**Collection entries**

■ ■ ■ ■

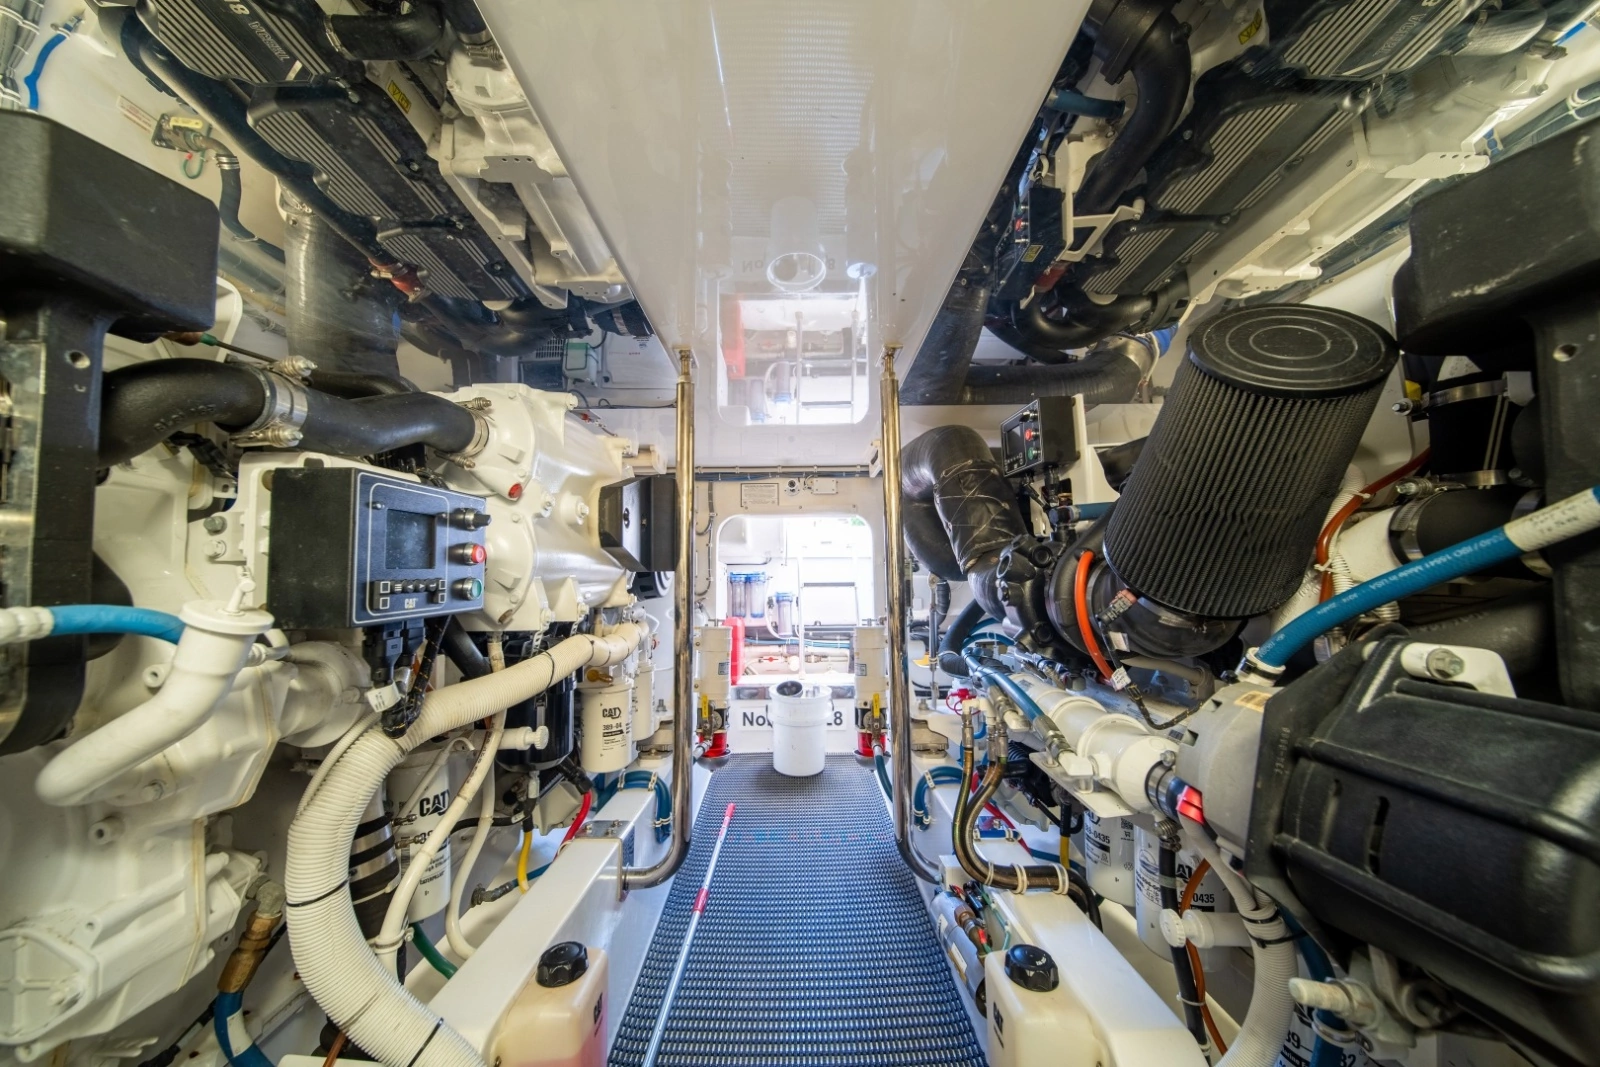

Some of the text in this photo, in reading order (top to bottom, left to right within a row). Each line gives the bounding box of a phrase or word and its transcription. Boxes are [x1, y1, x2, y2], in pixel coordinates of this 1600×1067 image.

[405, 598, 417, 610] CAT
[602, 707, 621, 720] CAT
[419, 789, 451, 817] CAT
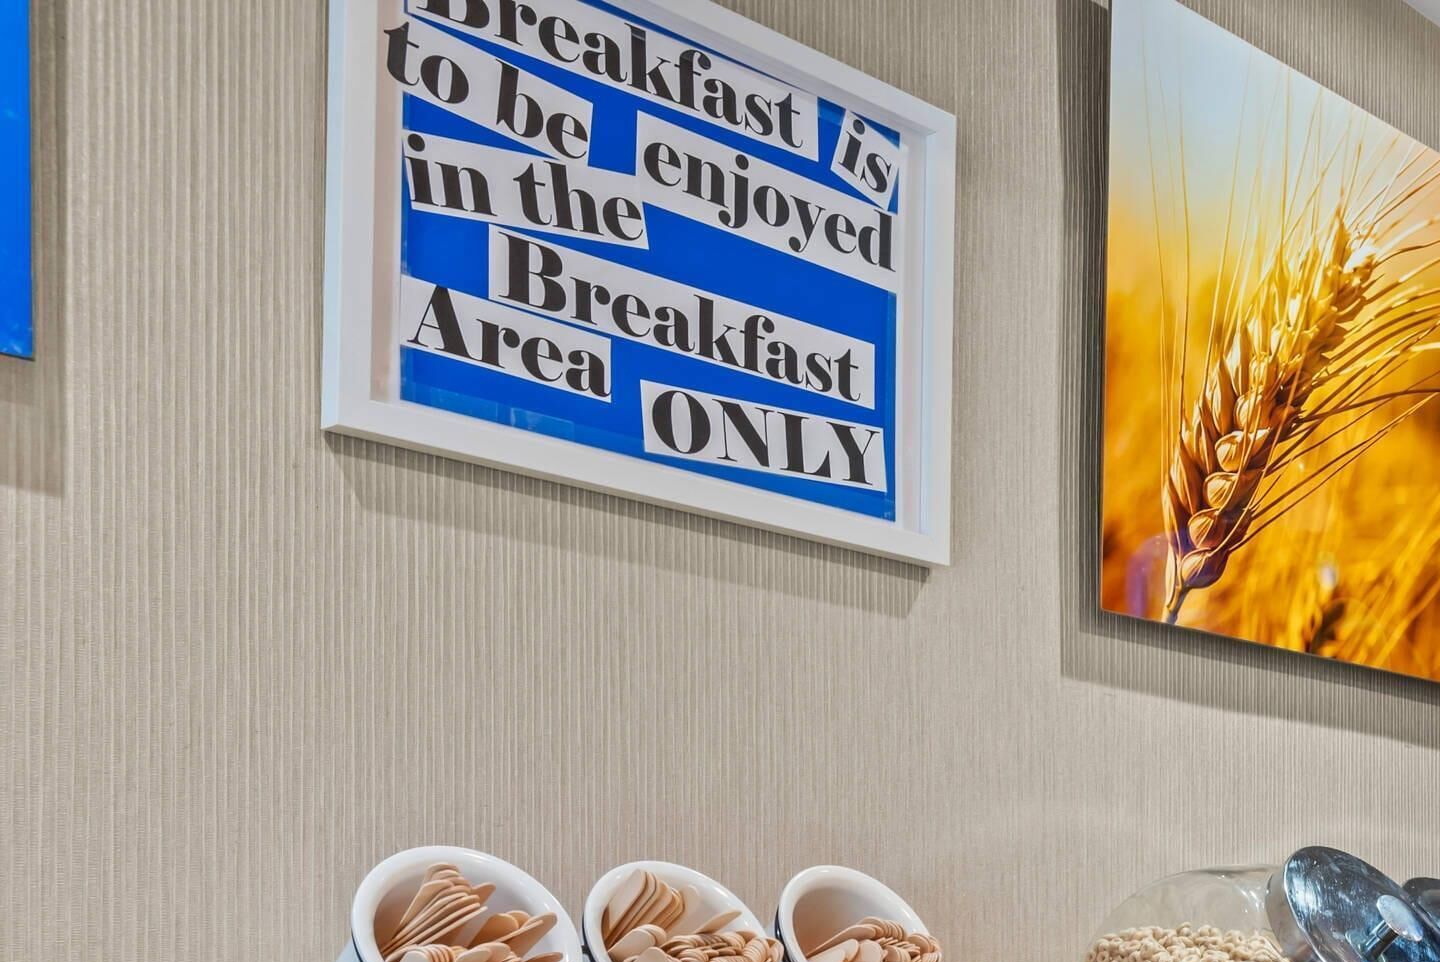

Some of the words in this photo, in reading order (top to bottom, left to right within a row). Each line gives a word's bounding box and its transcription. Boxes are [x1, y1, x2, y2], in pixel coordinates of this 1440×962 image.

■ ■ ■ ■

**What is required**
Keep the pictures out of your copy, and repeat every entry above exactly.

**Your response**
Some of the text in this photo, in reading order (top to bottom, left to right within a row). Each line gives the bounding box of a phrase or word and its transcription. Boxes are [x1, y1, x2, y2], in pixel coordinates of this 1600×1067 image.

[405, 598, 417, 610] CAT
[602, 707, 621, 720] CAT
[419, 789, 451, 817] CAT

Some of the words in this photo, in reading order (top to bottom, left to right within a row). Each line gives a word's bounding box and its transcription. Boxes are [x1, y1, x2, y2], in pixel coordinates of this 1440×962 image.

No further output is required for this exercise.